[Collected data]
--------

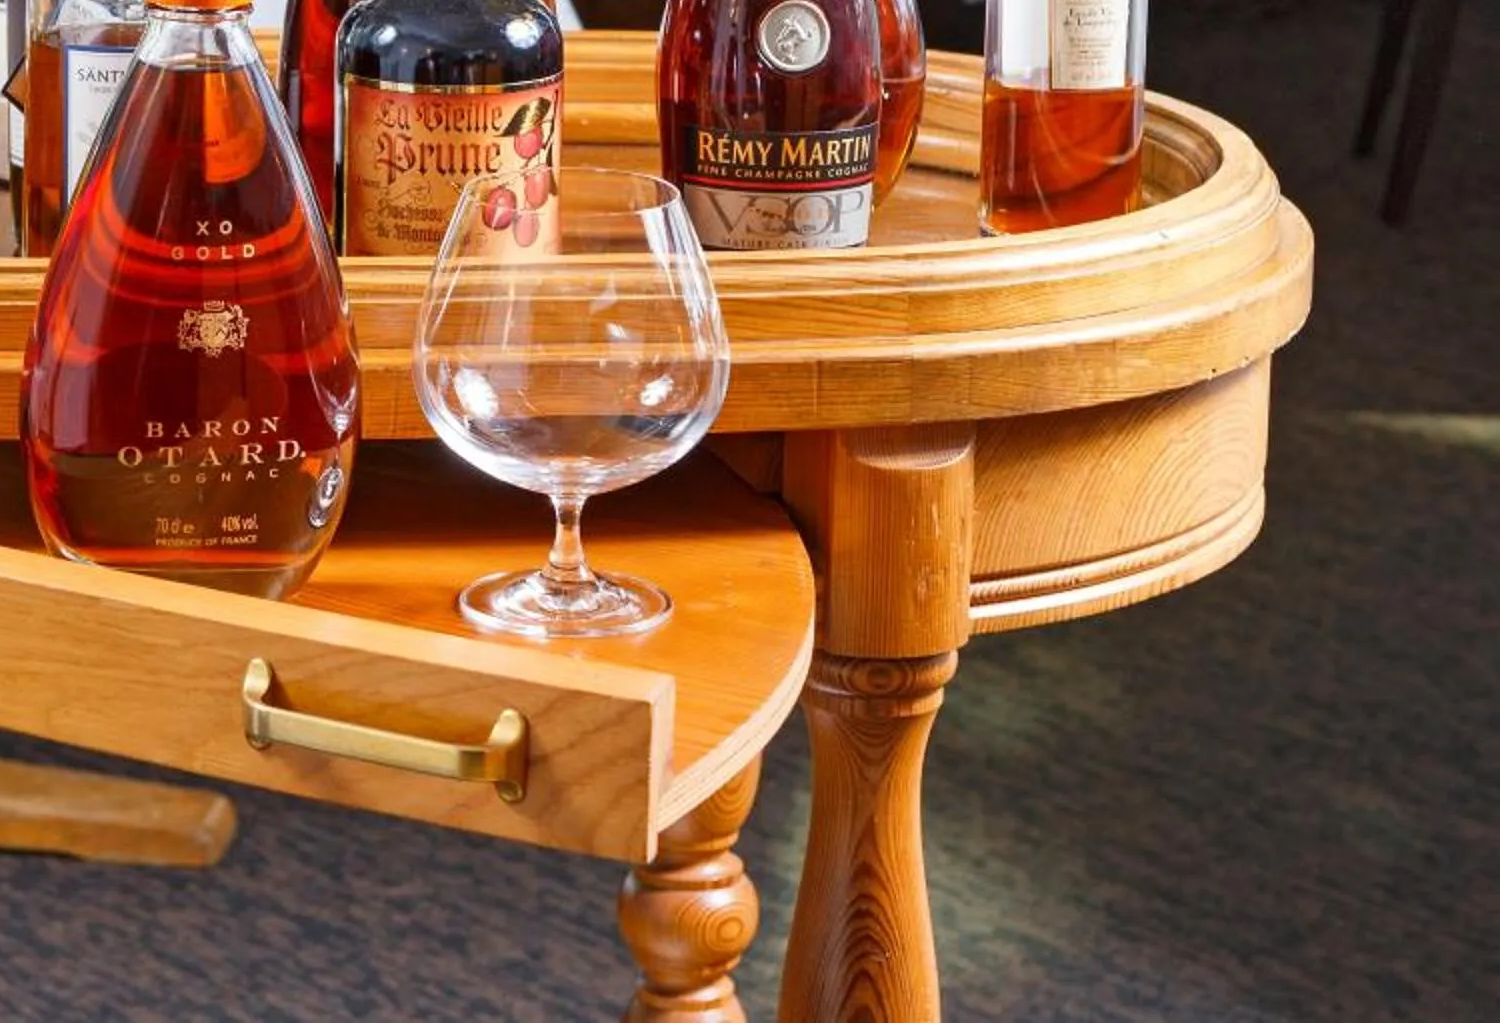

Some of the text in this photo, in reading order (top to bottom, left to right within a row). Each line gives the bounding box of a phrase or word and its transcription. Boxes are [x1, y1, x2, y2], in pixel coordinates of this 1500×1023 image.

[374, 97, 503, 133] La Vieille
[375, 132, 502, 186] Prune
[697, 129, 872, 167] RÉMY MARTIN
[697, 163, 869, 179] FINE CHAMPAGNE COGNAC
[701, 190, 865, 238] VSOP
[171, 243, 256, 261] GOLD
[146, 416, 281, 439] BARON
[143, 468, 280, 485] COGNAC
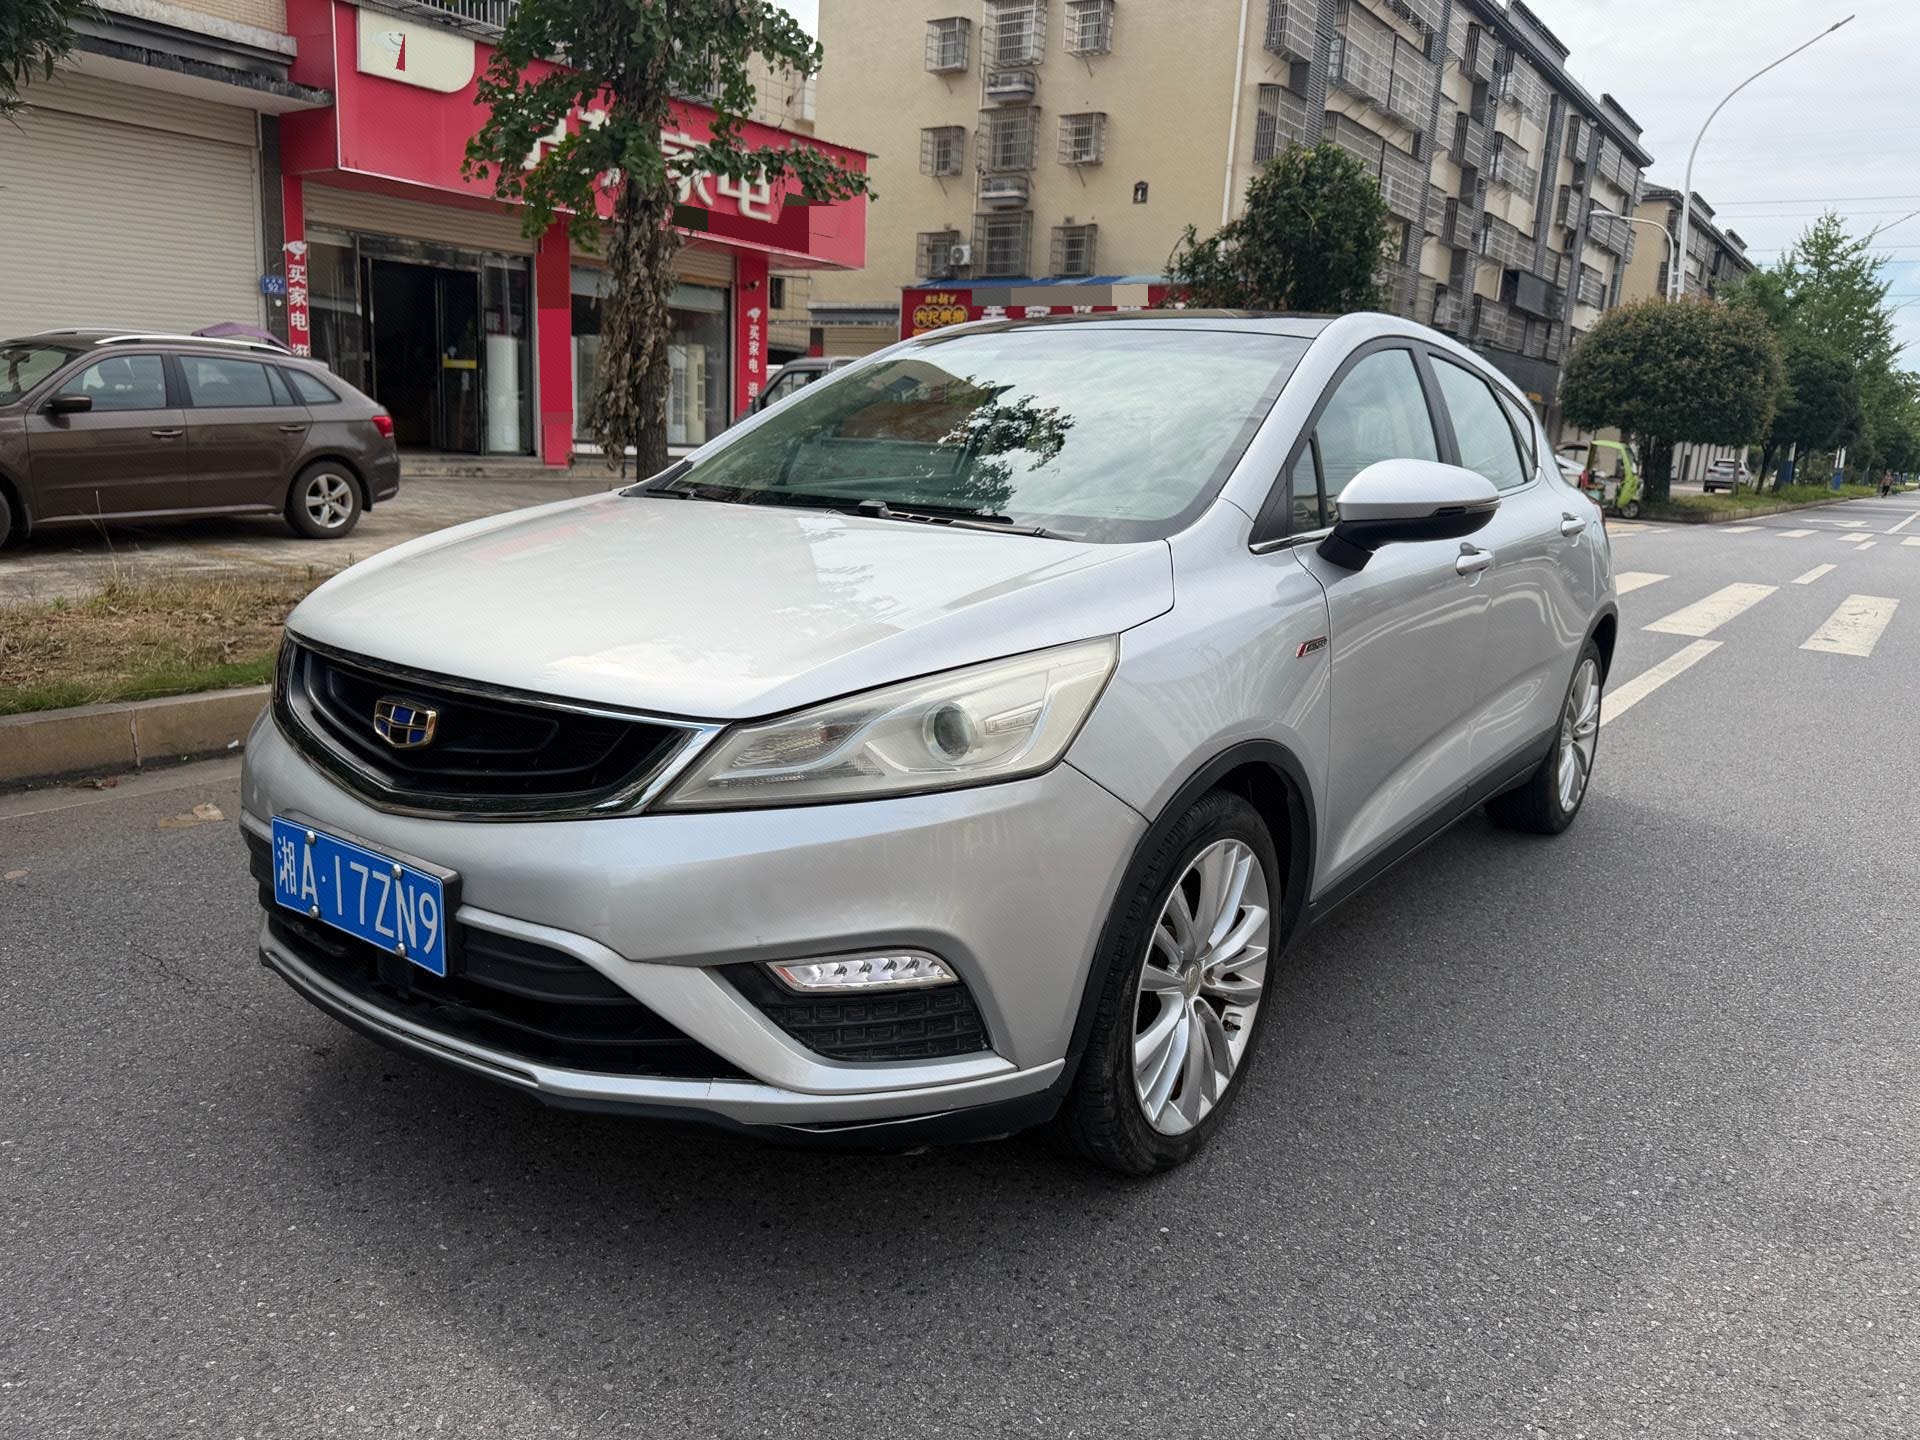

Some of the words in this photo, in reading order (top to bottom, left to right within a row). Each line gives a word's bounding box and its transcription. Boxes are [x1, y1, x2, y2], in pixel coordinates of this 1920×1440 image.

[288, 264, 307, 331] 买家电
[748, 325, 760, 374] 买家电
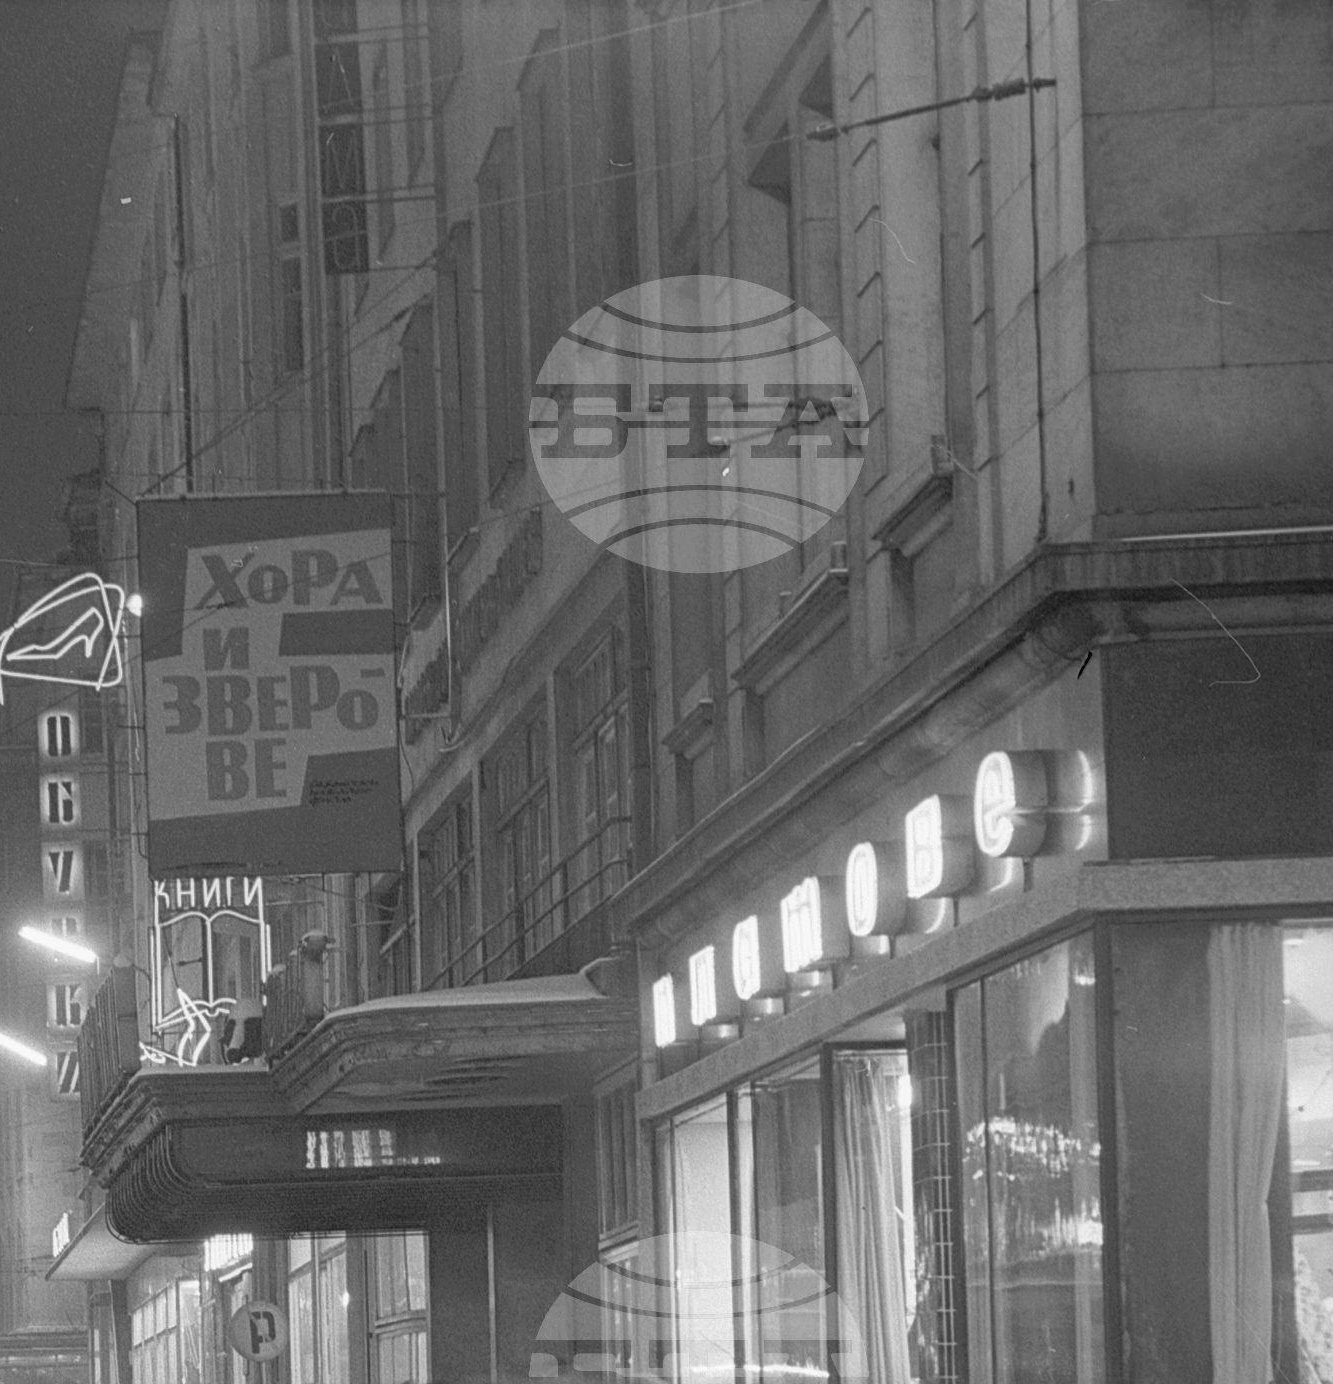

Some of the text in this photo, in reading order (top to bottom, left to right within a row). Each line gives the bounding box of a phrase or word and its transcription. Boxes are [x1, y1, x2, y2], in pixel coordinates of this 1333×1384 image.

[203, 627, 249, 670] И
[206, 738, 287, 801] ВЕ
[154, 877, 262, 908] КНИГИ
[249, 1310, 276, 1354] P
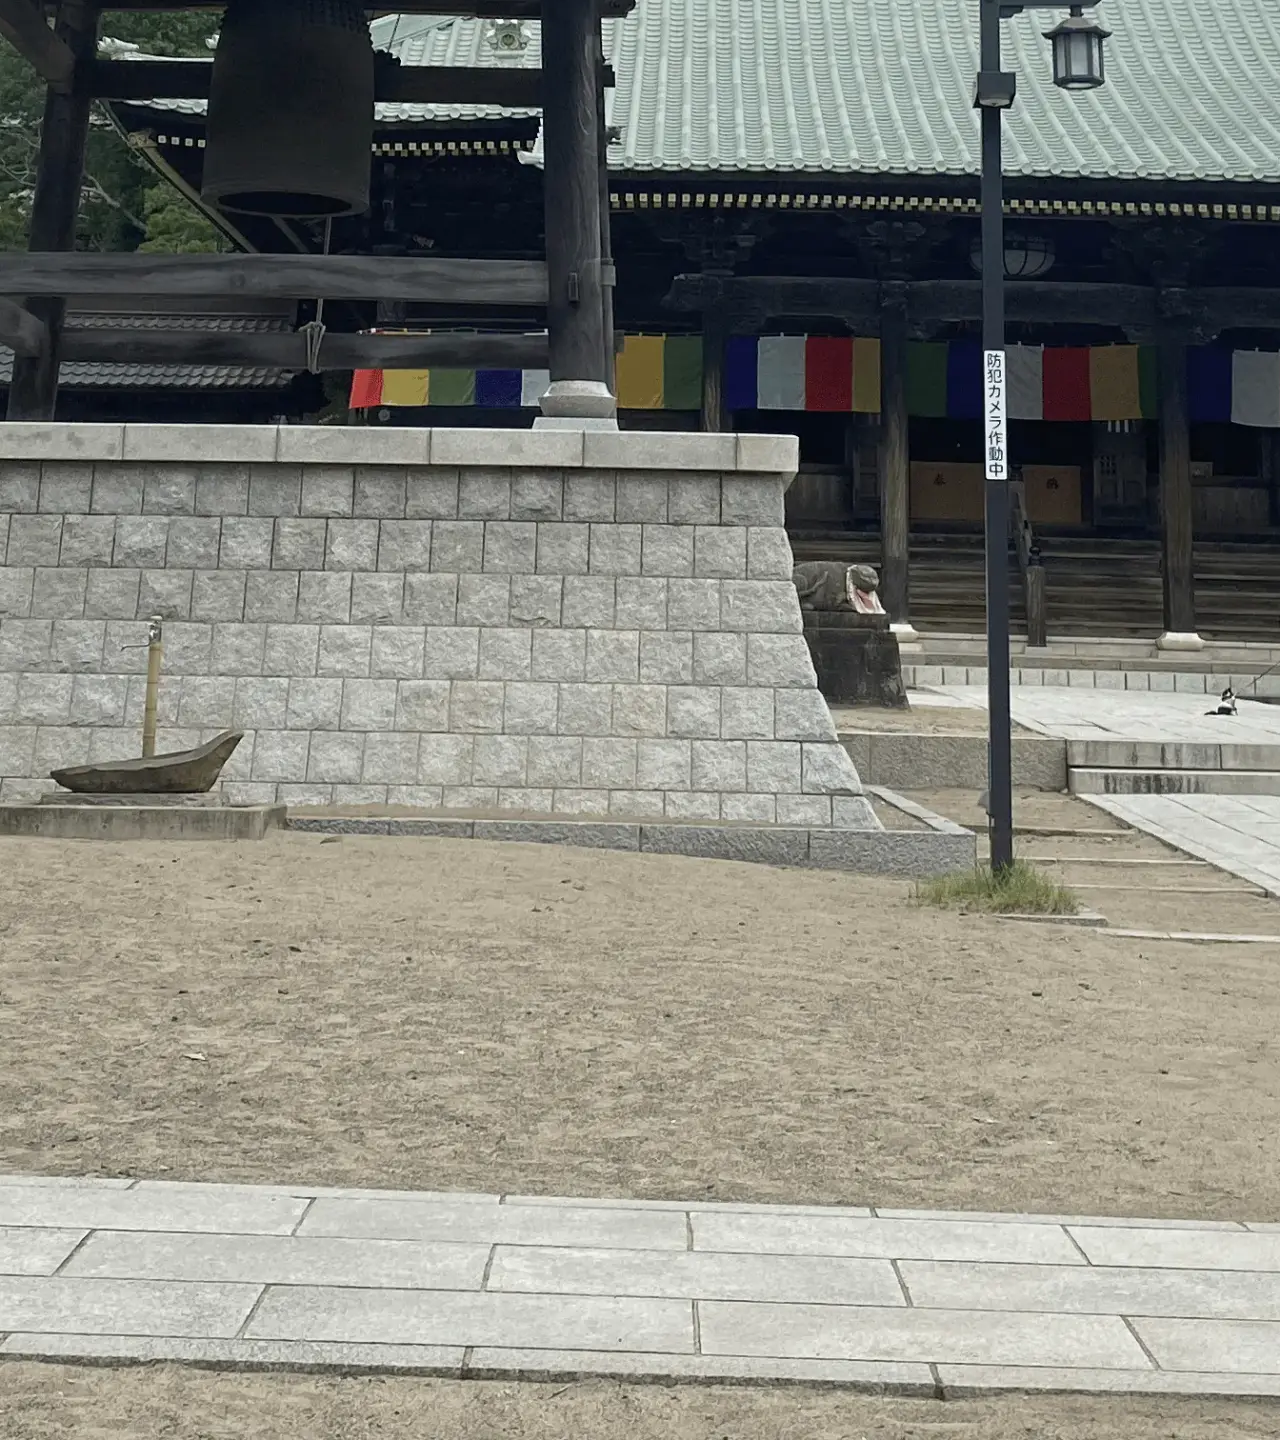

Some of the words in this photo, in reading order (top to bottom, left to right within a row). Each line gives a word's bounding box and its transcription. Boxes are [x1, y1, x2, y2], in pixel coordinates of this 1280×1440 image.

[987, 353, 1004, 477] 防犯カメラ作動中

--------

* **EXERCISE OBJECTIVE**
The response has to be an exact copy of all the data, pictures excluded.

* **TASK ANSWER**
Some of the text in this photo, in reading order (top to bottom, left to right within a row). Each line gives the bounding box of a phrase or word and its transcription. Boxes are [x1, y1, x2, y2], in pixel coordinates of this 1500×1023 image.

[374, 97, 503, 133] La Vieille
[375, 132, 502, 186] Prune
[697, 129, 872, 167] RÉMY MARTIN
[697, 163, 869, 179] FINE CHAMPAGNE COGNAC
[701, 190, 865, 238] VSOP
[171, 243, 256, 261] GOLD
[146, 416, 281, 439] BARON
[143, 468, 280, 485] COGNAC

Some of the words in this photo, in reading order (top to bottom, left to right within a row). Each line gives a word's bounding box and its transcription. Boxes are [x1, y1, x2, y2], in pixel coordinates of this 1920×1440 image.

[288, 264, 307, 331] 买家电
[748, 325, 760, 374] 买家电

Some of the text in this photo, in reading order (top to bottom, left to right within a row). Each line gives the bounding box of a phrase or word and its transcription. Boxes are [x1, y1, x2, y2], in pixel coordinates of this 1333×1384 image.

[203, 627, 249, 670] И
[206, 738, 287, 801] ВЕ
[154, 877, 262, 908] КНИГИ
[249, 1310, 276, 1354] P

Some of the words in this photo, in reading order (top to bottom, left to right within a row). Each line gives a word's bounding box and its transcription. Boxes are [x1, y1, x2, y2], in pixel coordinates of this 1280×1440 image.

[987, 353, 1004, 477] 防犯カメラ作動中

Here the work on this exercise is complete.